Another day, another major data breach. This time it's Oracle's MICROS, its point-of-sale division, that got hurt. According to security researcher Brian Krebs, who first disclosed the breach in a blog post (you can read it here), chances are, a Russian organised cyber-crime group is behind this.
The group, called Carbanak, has placed malicious code in the company's software, and apparently – 700 internal systems were compromised.
According to Oracle, 'certain legacy MICROS systems' were affected, and the hackers were onto the company's customer support portal for credit card payment systems. Oracle is now asking users to change their passwords, but said that user data is actually safe.
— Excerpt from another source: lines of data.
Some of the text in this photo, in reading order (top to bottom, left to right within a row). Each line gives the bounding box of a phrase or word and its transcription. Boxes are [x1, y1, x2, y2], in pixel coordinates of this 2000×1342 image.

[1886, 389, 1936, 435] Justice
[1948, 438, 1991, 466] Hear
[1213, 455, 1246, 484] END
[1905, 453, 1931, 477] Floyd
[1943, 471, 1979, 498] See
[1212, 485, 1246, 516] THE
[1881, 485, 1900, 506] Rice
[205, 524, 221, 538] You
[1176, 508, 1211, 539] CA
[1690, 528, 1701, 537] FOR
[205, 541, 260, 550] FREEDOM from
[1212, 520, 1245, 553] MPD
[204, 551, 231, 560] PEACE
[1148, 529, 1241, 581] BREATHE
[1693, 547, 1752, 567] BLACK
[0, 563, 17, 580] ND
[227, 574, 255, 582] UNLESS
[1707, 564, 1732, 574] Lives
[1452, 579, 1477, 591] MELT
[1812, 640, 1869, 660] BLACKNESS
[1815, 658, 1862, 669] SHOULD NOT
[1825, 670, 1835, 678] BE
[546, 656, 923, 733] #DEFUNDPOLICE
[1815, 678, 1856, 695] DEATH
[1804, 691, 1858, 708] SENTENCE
"Oracle security has detected and addressed malicious code in certain legacy MICROS systems,” the company told its customers, according to The Inquirer. “Oracle's corporate network and other cloud and service offerings were not impacted by this code. Payment card data is encrypted at rest and in transit in the MICROS hosted environment," the email said.
The biggest issue here is that the company still doesn't know the extent of the breach, and is currently investigating.
"Sources close to the investigation say Oracle first considered the breach to be limited to a small number of computers and servers at the company’s retail division,” Krebs wrote in a blog post.
“That source said that soon after Oracle pushed new security tools to systems in the affected network investigators realized the intrusion impacted more than 700 infected systems.”
Carbank is a notorious cyber-criminal group which has, allegedly, stolen more than $1 billion from various banks and retailers over the course of the past few years.